En suma, el proyecto de erosión sociopolítica liderada por regímenes totalitarios como Cuba en Latinoamérica, y el denodado apoyo de países escandinavos como Noruega, Suiza o Suecia, puede ser mejor comprendido como un avance de ofensiva de baja intensidad de Europa en Latinoamérica, cuyas mayores consecuencias son el fortalecimiento político del narcotráfico como proyecto subversivo.

Las recientes declaraciones del Embajador de Noruega en Colombia, John Petter Opdahl, defendiendo el papel de Cuba en su encubrimiento y protección del grupo narcotraficante ELN, son el culmen de un histórico proceso de intervención en política de representaciones diplomáticas europeas en Colombia. En este caso, sin embargo, sus palabras revisten un peligroso mensaje de protección subversiva, al defender los intereses cubanos en Colombia, desconociendo las labores de las fuerza pública en el país en su proceso de contener los métodos de avance subversivo de la isla en Latinoamérica.

Para nadie es un secreto que Cuba sea un régimen totalitario con intereses geopolíticos en la región, y con nexos estratégicamente establecidos con regímenes que apoyan el terrorismo como Irán. En este sentido, el papel de la isla en servir de territorio de protección a grupos narcotraficantes como las FARC o el ELN, no solamente sirve a sus beneficios de supervivencia en el hemisferio, sino como medida de fortalecimiento táctico del totalitarismo castrista en Suramérica.

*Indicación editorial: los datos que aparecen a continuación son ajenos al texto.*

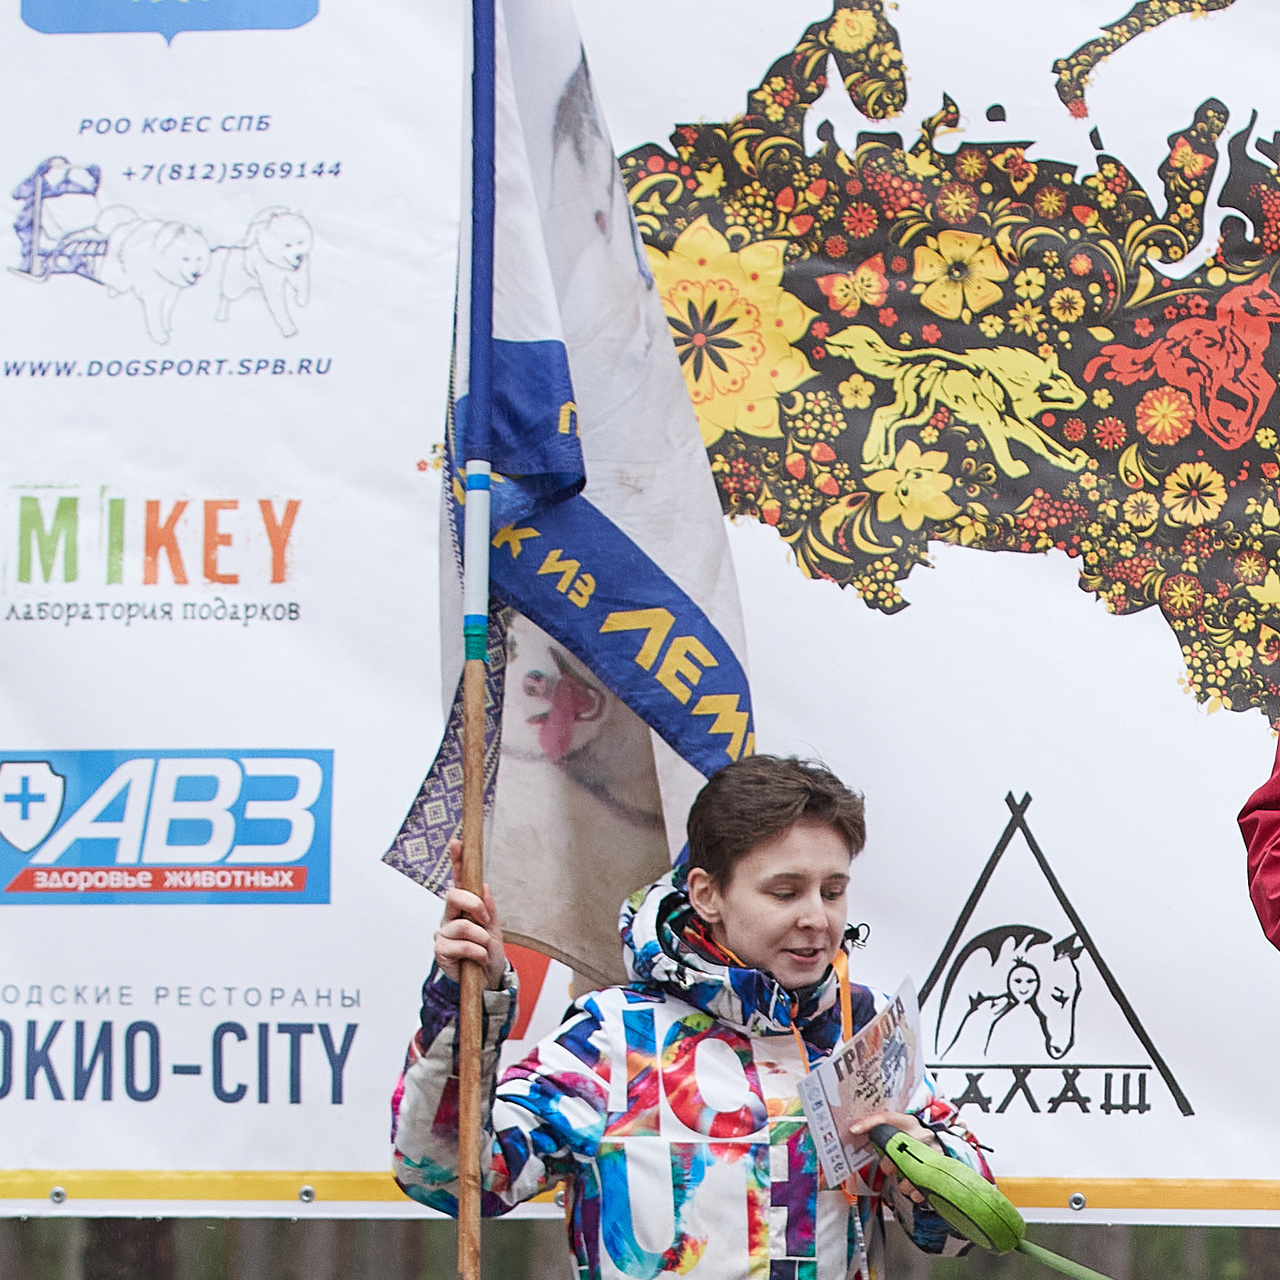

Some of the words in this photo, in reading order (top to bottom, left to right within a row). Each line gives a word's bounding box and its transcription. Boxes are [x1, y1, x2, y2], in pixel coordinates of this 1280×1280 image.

Durante años, numerosos países europeos, y particularmente escandinavos, pretendieron justificar las acciones de los grupos terroristas mediante intervenciones diplomáticas en Latinoamérica encaminadas a defender a Cuba. La razón recae en los intereses geopolíticos de Europa en la región, y las decididas limitaciones de Estados Unidos para entender a tiempo que Europa en vez de ser un aliado, se convirtió en un opositor al proyecto hemisférico norteamericano. Por este motivo, aunque numerosos gobiernos colombianos sirvieron durante décadas de cortesanos de la diplomacia europea, países como los Estados Unidos ingenuamente concibieron tales relaciones como alianzas ideológicas. La razón sin embargo es otra.

En suma, el proyecto de erosión sociopolítica liderada por regímenes totalitarios como Cuba en Latinoamérica, y el denodado apoyo de países escandinavos como Noruega, Suiza o Suecia, puede ser mejor comprendido como un avance de ofensiva de baja intensidad de Europa en Latinoamérica, cuyas mayores consecuencias son el fortalecimiento político del narcotráfico como proyecto subversivo.

En las ultimas horas, el Embajador de Noruega en Colombia, John Petter Opdahl, no solamente a continuado con tal dinámica de erosión de las relaciones diplomáticas, sino que abiertamente ha entrado a apoyar las estrategias dilatorias de Cuba en Colombia, lo que fortalece la posición estratégica y criminal del ELN, las FARC, y otros grupos en alianza con el narcotráfico.

Por este motivo el Embajador de Noruega en Colombia, John Petter Opdahl, debería ser expulsado del país sin dilaciones, como consecuencia de una explicita intervención en la política colombiana, y como medida de seguridad nacional en el escenario incontrolable del dominio territorial y criminal del ELN en Colombia y la región.